## THE INPUT
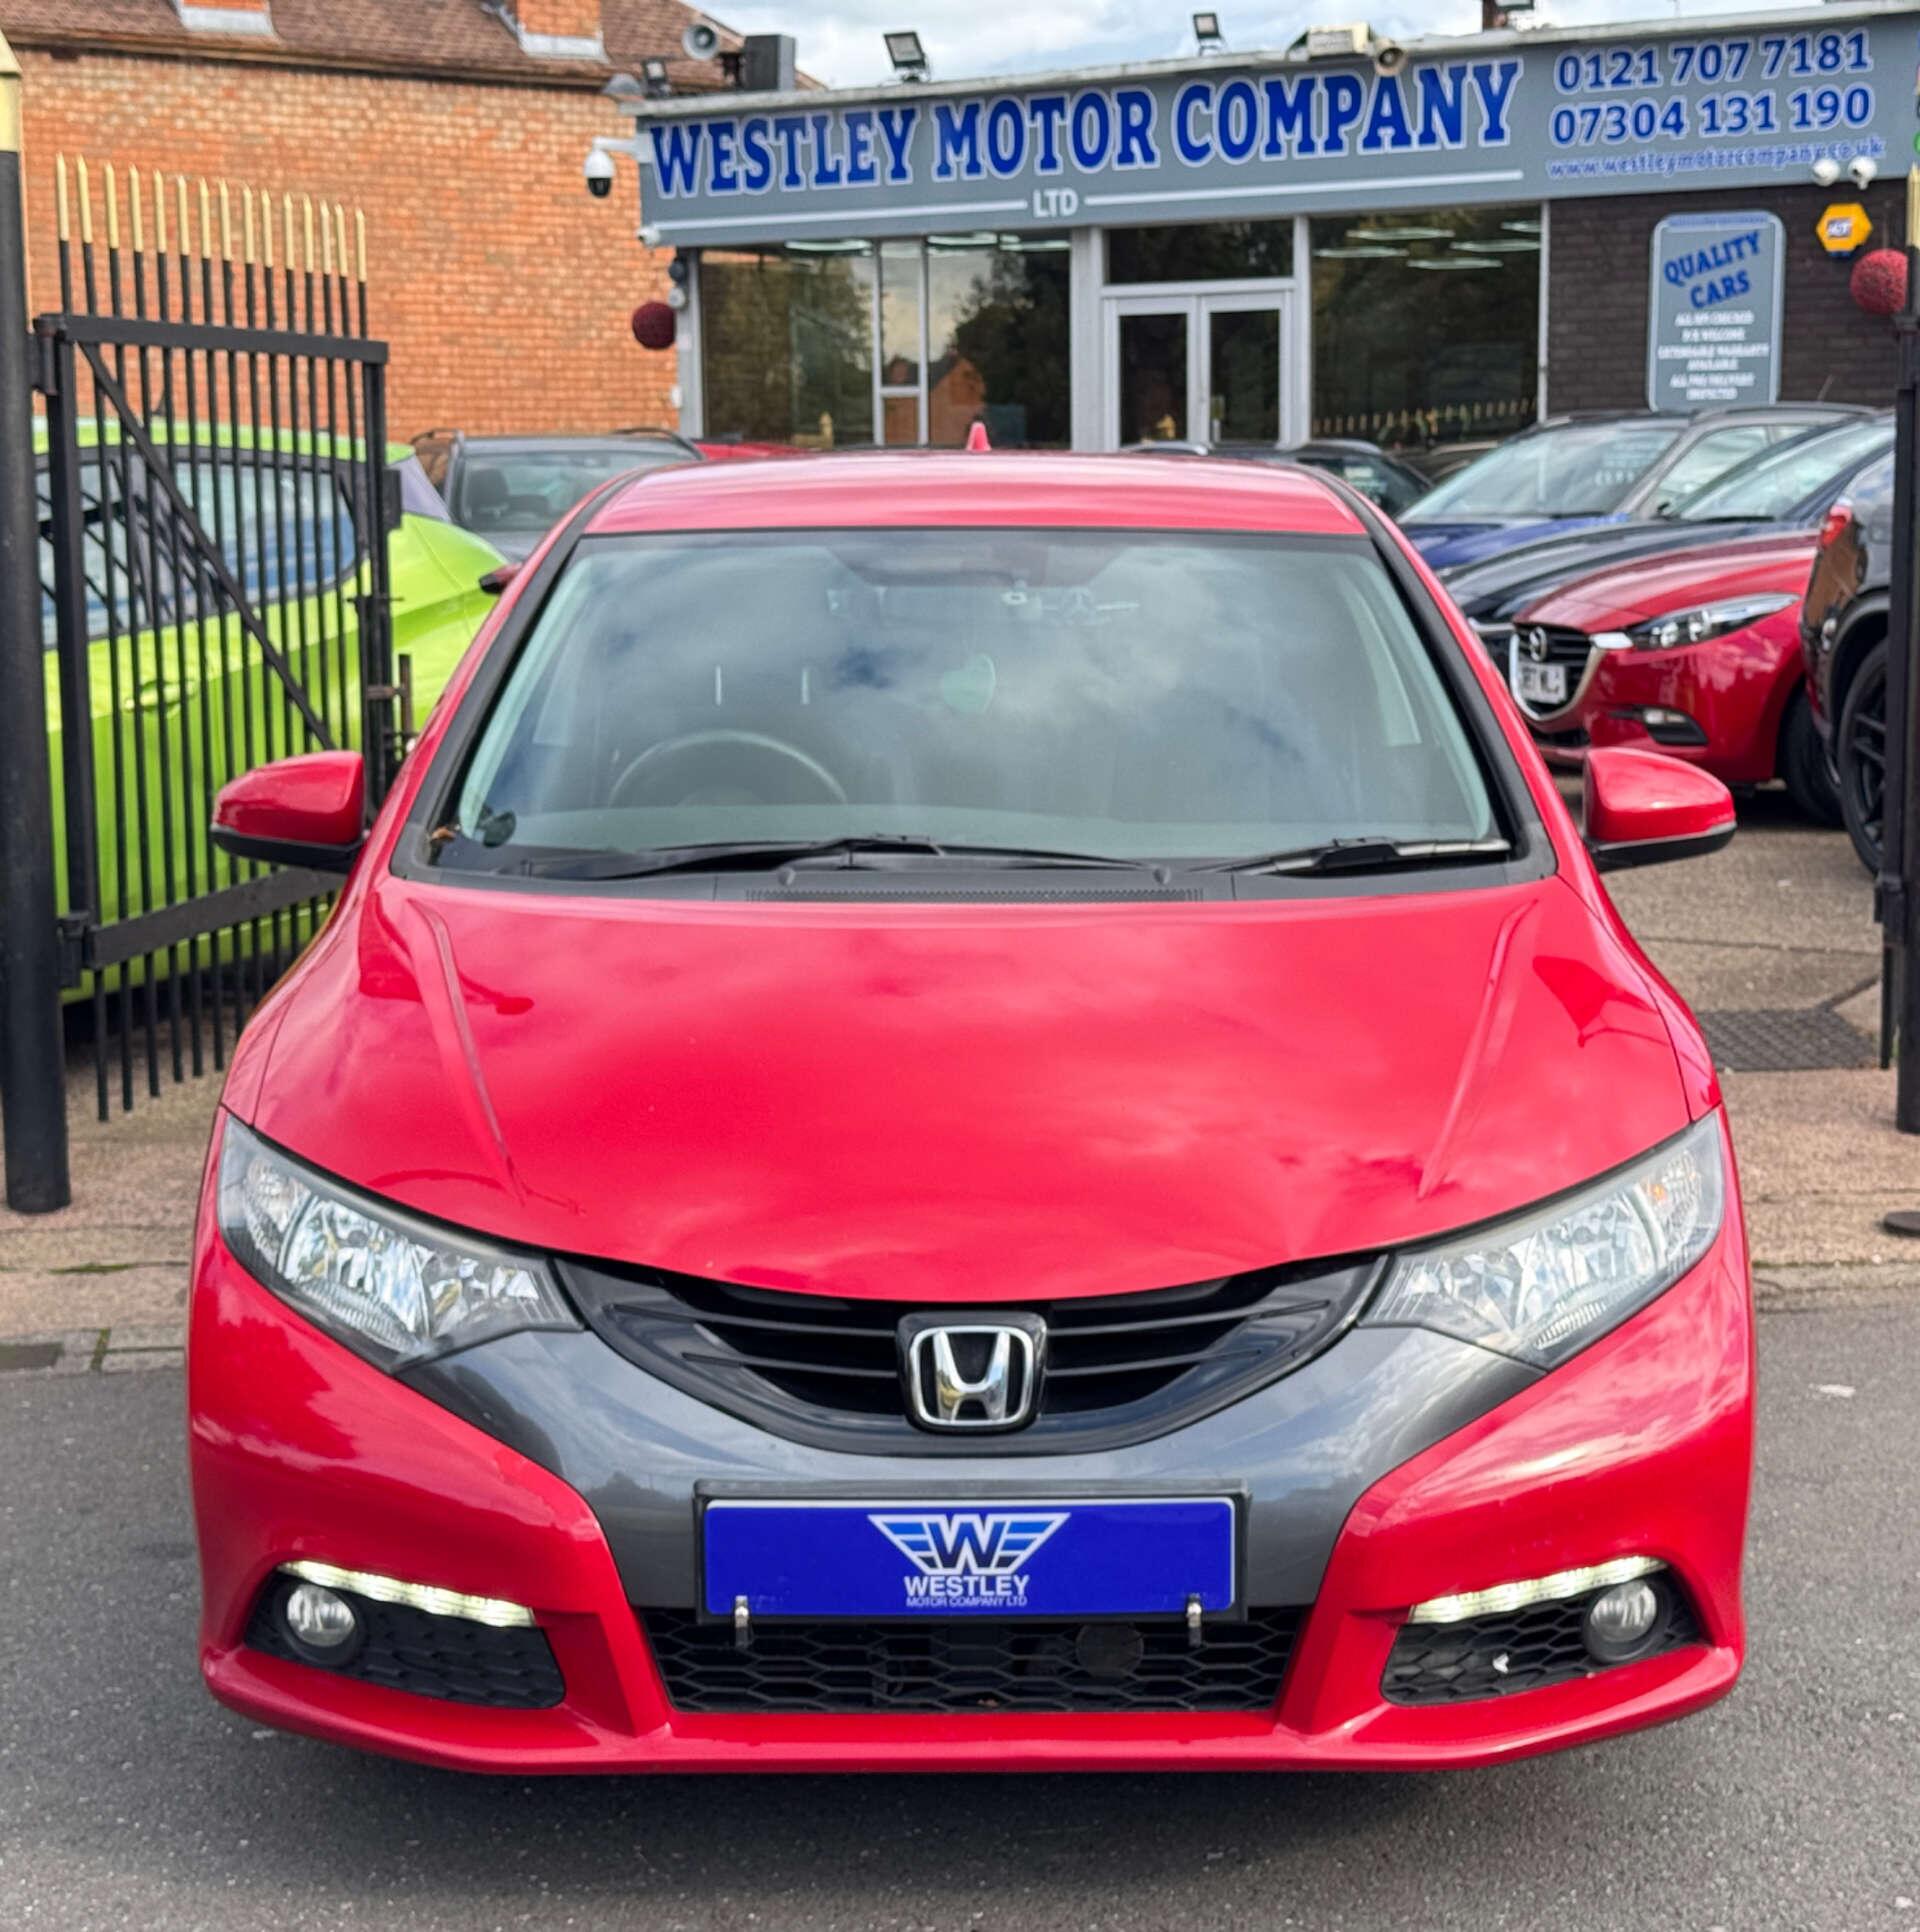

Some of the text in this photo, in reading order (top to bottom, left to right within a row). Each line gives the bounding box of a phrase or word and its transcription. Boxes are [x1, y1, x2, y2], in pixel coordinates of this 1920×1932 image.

[1557, 31, 1870, 92] 0121 707 7181
[650, 60, 1521, 196] WESTLEY MOTOR COMPANY
[1552, 86, 1872, 144] 07304 131 190
[1033, 188, 1078, 218] LTD
[1663, 231, 1761, 287] QUALITY
[1690, 269, 1751, 309] CARS
[904, 1574, 1030, 1597] WESTLEY
[906, 1595, 1028, 1607] MOTOR COMPANY LTD

## YOUR ASSIGNMENT
Restate the data word for word without pictures.

## WRITTEN ANSWER
Some of the text in this photo, in reading order (top to bottom, left to right within a row). Each line gives the bounding box of a phrase or word and its transcription. Boxes are [x1, y1, x2, y2], in pixel coordinates of this 1920×1932 image.

[1557, 31, 1870, 92] 0121 707 7181
[650, 60, 1521, 196] WESTLEY MOTOR COMPANY
[1552, 86, 1872, 144] 07304 131 190
[1033, 188, 1078, 218] LTD
[1663, 231, 1761, 287] QUALITY
[1690, 269, 1751, 309] CARS
[904, 1574, 1030, 1597] WESTLEY
[906, 1595, 1028, 1607] MOTOR COMPANY LTD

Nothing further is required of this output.